Transport for London is effectively bankrupt, and there is no clear way for it to get out of the financial hole as we move from pandemic to endemic Covid-19. Formal bankruptcy was averted through a last-minute reprieve by the Tory government in December, but this was only another short-term cash injection to push the issue of TfL’s financial woes off until April. The Tories are making an ideologically motivated, and economically absurd, demand that London transport becomes entirely self-funding within a few years. This cannot be achieved with some savings here and there (that ship sailed before the pandemic); there would have to be serious reductions to the scope and scale of public transport in the city to get anywhere near it. Bus services, already subject to years of reductions, are likely to be slashed, and there has even been speculation that some of London’s iconic London Underground lines might have to close: a move that would have been utterly unthinkable even last year.
The pandemic has been a disaster for transport: slashing revenues and making more people get back into their cars. Climate-change and air quality concerns, to say nothing of getting money back into the public system, mean we need to get that trend to reverse. It’s difficult to see how that will happen, however, if the services simply aren’t up to the needs of the travelling public. Financially, Londoners can’t win either: TfL is already committed to increasing fares.

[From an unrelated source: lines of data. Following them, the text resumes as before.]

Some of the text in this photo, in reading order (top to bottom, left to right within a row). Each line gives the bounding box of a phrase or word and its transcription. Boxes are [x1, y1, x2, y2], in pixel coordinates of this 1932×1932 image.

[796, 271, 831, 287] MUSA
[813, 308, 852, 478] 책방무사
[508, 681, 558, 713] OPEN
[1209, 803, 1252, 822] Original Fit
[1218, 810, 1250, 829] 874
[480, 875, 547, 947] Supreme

So, as was predictable, Khan’s hopelessly centrist politics have resulted in him collapsing into probably the worst position imaginable. He is carrying out an aggressive austerity policy on transport – made worse by raising flat regressive charges on people who drive as well as those on the tube, bus, and tram – and using a form of ‘greenwash’ to present himself as progressive and radical. We can be sure that this is not going to end well: it was exactly this sort of punitive approach of trying to get the public to pay for the costs of climate change, at a time when standards of living were already under threat, that led Emmanuel Macron’s government in France to have a year of strife with the ‘yellow-vest’ protesters.

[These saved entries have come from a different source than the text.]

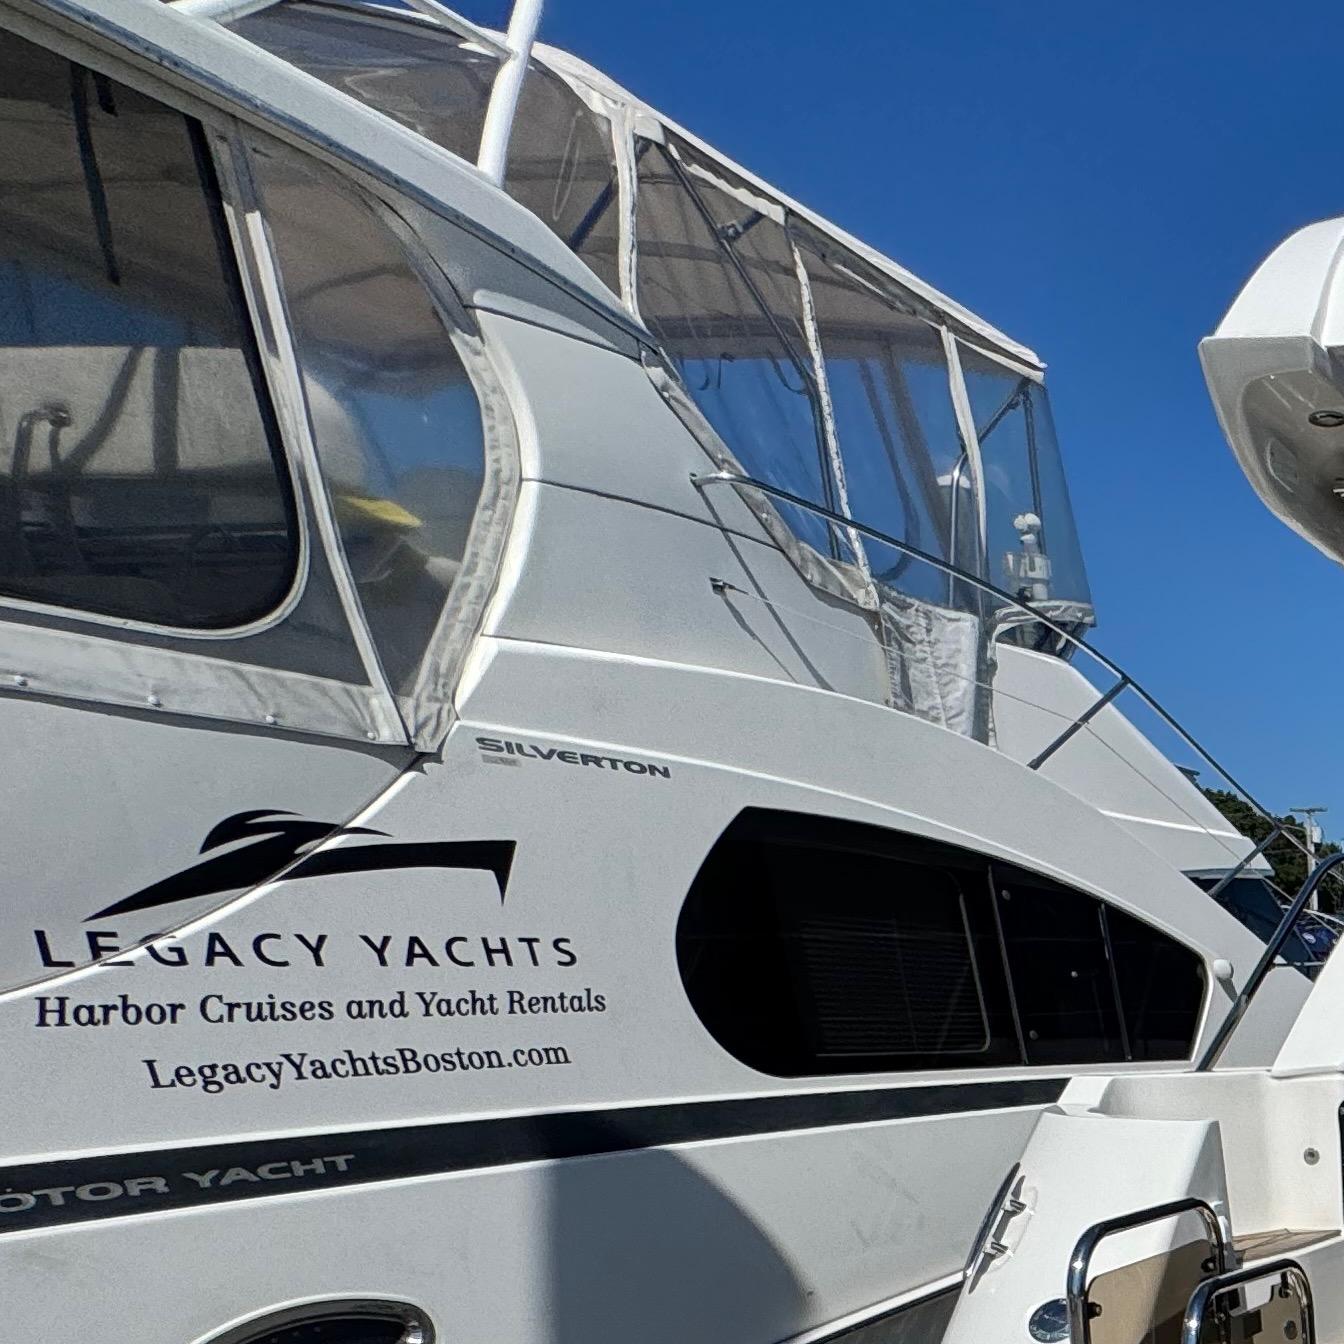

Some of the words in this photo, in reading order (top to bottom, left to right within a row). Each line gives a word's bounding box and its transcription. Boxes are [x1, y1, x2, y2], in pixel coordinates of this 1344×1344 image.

[475, 737, 671, 779] SILVERTON
[34, 930, 327, 968] LEGACY
[358, 934, 578, 967] YACHTS
[35, 994, 186, 1028] Harbor
[200, 994, 334, 1023] Cruises
[346, 991, 409, 1019] and
[415, 989, 499, 1017] Yacht
[506, 988, 607, 1014] Rentals
[142, 1046, 572, 1094] LegacyYachtsBoston.com
[181, 1154, 356, 1189] YACHT

I am sure that this policy could, by itself, bury Khan’s chances of winning a third term in 2024, but more worryingly, this type of eco-austerity is most likely to breed resentment against environmental measures from a lot of people, who will then be much more open to anti-green politics and ultimately the radical right. Everywhere, liberal politicians claim to care deeply about the climate, but then just perpetuate the same race to the bottom that they have done for decades. This is a major part of the backlash: people just come to see environmentalism as an elite excuse to take things away from them.
It is getting much more urgent that a real alternative be posed. There is no need for elaborate financial schemes or speculative technologies. Working-class people need to fight back against cuts to crucial services like the bus and train routes that provide the real alternative to heavy traffic in our cities.